Estimates posterior expected probability that a future sample is correctly classified when performing class prediction. The estimate is obtained via Monte Carlo simulation from the posterior predictive.

Usage

1
powclasspred(gg.fit, x, groups, prgroups, v0thre=1, ngene=100, B=100)

Arguments

gg.fit

GaGa or MiGaGa fit (object of type gagafit, as returned by fitGG).

x

ExpressionSet, exprSet, data frame or matrix containing the gene expression measurements used to fit the model.

groups

If x is of type ExpressionSet or exprSet, groups should be the name of the column in pData(x) with the groups that one wishes to compare. If x is a matrix or a data frame, groups should be a vector indicating to which group each column in x corresponds to.

prgroups

Vector specifying prior probabilities for each group. Defaults to equally probable groups.

v0thre

Only genes with posterior probability of being equally expressed below v0thre are used.

ngene

Number of genes to use to build the classifier. Genes with smaller probability of being equally expressed are selected first.

B

Number of Monte Carlo samples to be used.

Details

The routine simulates future samples (microarrays) from the posterior predictive distribution of a given group (e.g. control/cancer).

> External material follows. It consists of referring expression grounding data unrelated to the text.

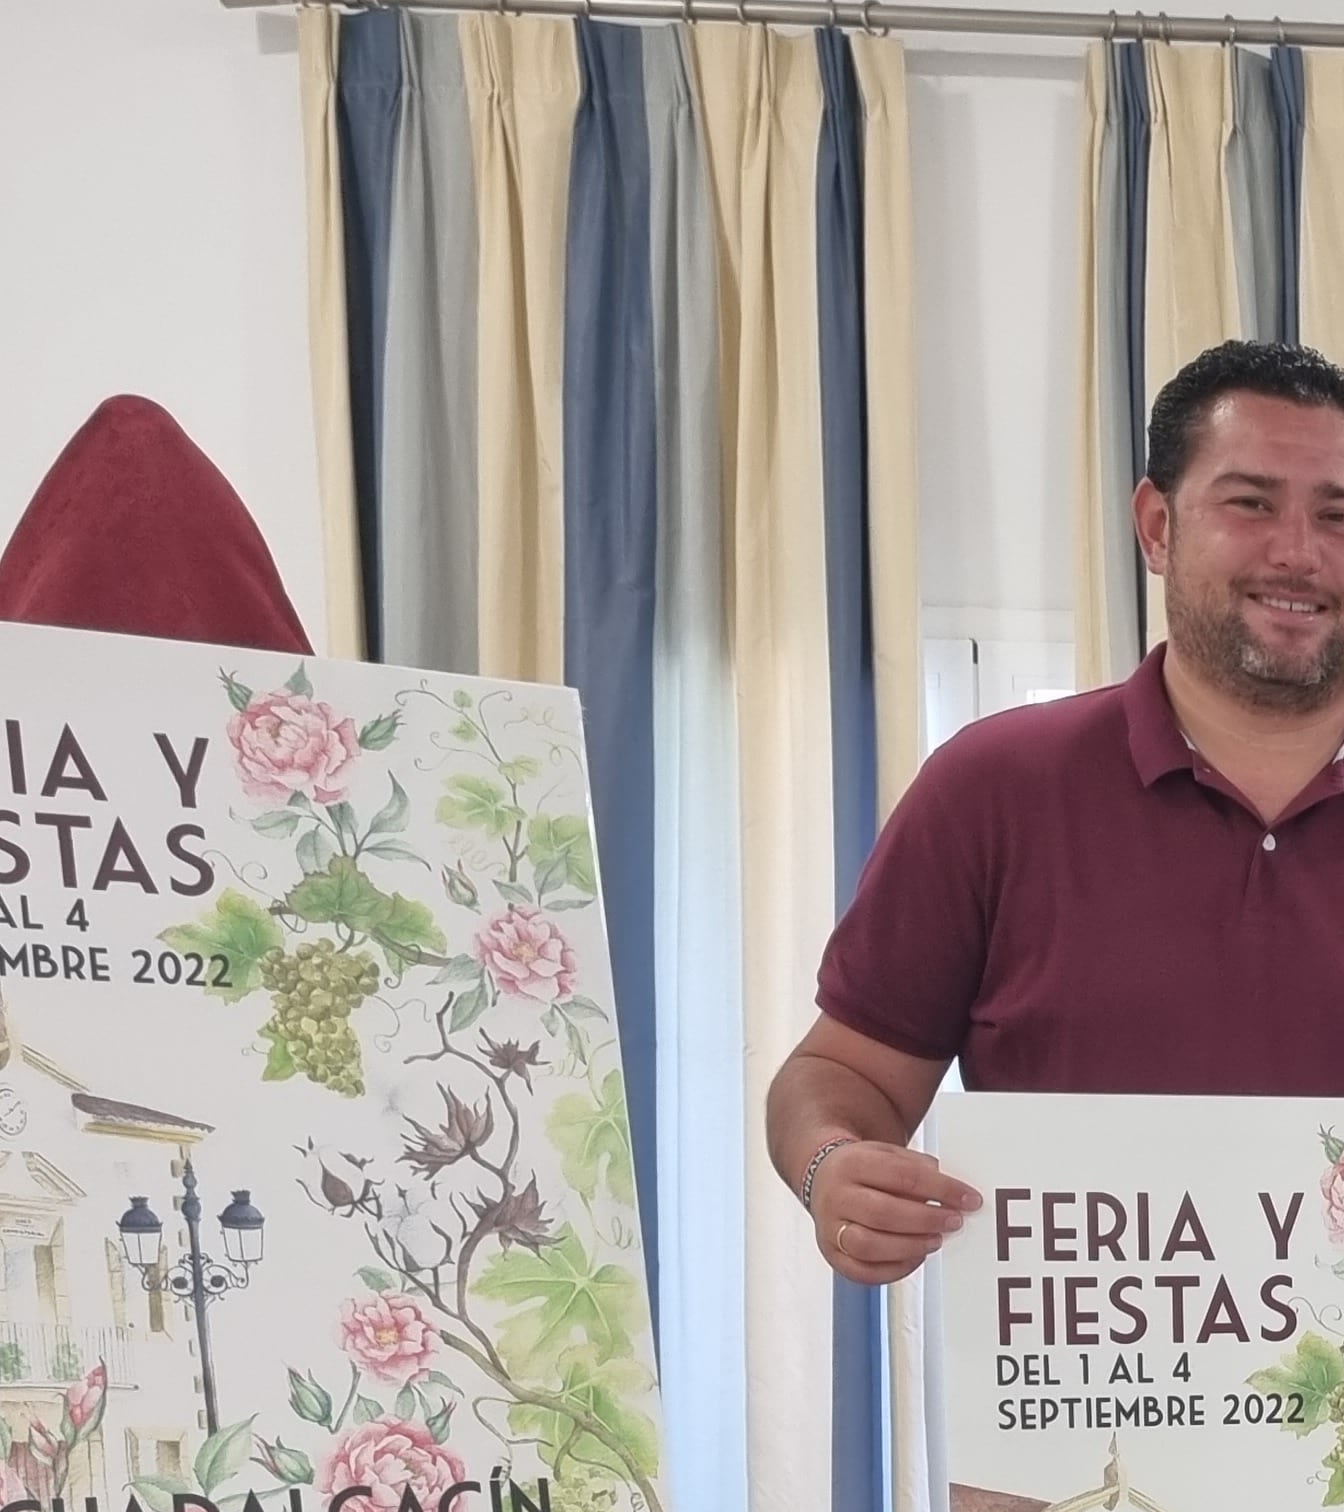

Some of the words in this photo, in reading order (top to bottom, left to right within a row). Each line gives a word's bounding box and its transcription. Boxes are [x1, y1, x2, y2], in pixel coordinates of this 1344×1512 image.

[153, 733, 209, 809] Y
[66, 898, 90, 932] 4
[131, 949, 233, 988] 2022
[995, 1188, 1216, 1262] FERIA
[1258, 1192, 1305, 1260] Y
[997, 1274, 1297, 1346] FIESTAS
[996, 1354, 1061, 1386] DEL
[1079, 1353, 1089, 1385] 1
[1108, 1352, 1154, 1384] AL
[1172, 1351, 1191, 1383] 4
[998, 1395, 1205, 1430] SEPTIEMBRE
[1222, 1392, 1305, 1425] 2022
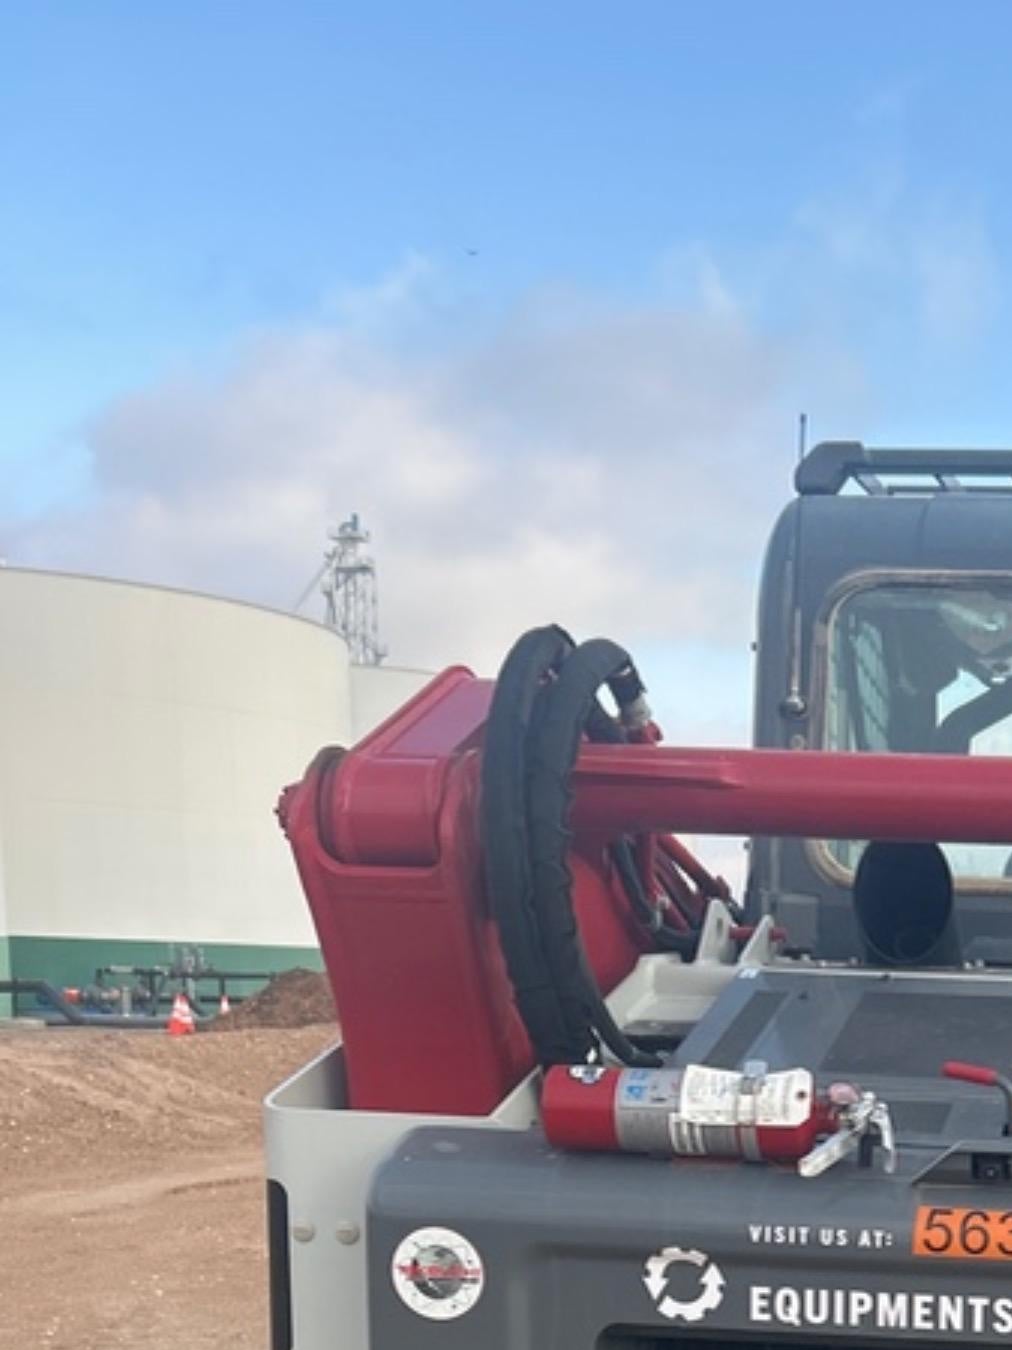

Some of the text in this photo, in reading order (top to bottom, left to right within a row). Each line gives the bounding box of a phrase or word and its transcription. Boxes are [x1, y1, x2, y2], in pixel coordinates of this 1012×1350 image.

[748, 1224, 893, 1248] VISIT US AT:

Then it computes the posterior probability that the new sample belongs to each of the groups and classifies the sample into the group with highest probability. This process is repeated B times, and the proportion of correctly classified samples is reported for each group. The standard error is obtained via the usual normal approximation (i.e. SD/B). The overall probability of correct classification is also provided (i.e. for all groups together), but using a more efficient variant of the algorithm. Instead of reporting the observed proportion of correctly classified samples, it reports the expected proportion of correctly classified samples (i.e. the average posterior probability of the class that the sample is assigned to).

Value

List with components:

ccall

Estimated expected probability of correctly classifying a future sample.

seccall

Estimated standard error of ccall.

ccgroup

Vector with the estimated probability of correctly classifying a sample from each group.

segroup

Estimated standard error of ccgroup.

Author(s)

David Rossell

References

Rossell D. GaGa: a simple and flexible hierarchical model for microarray data analysis. http://rosselldavid.googlepages.com.

See Also

classpred, fitGG, parest. See powfindgenes for differential expression power calculations.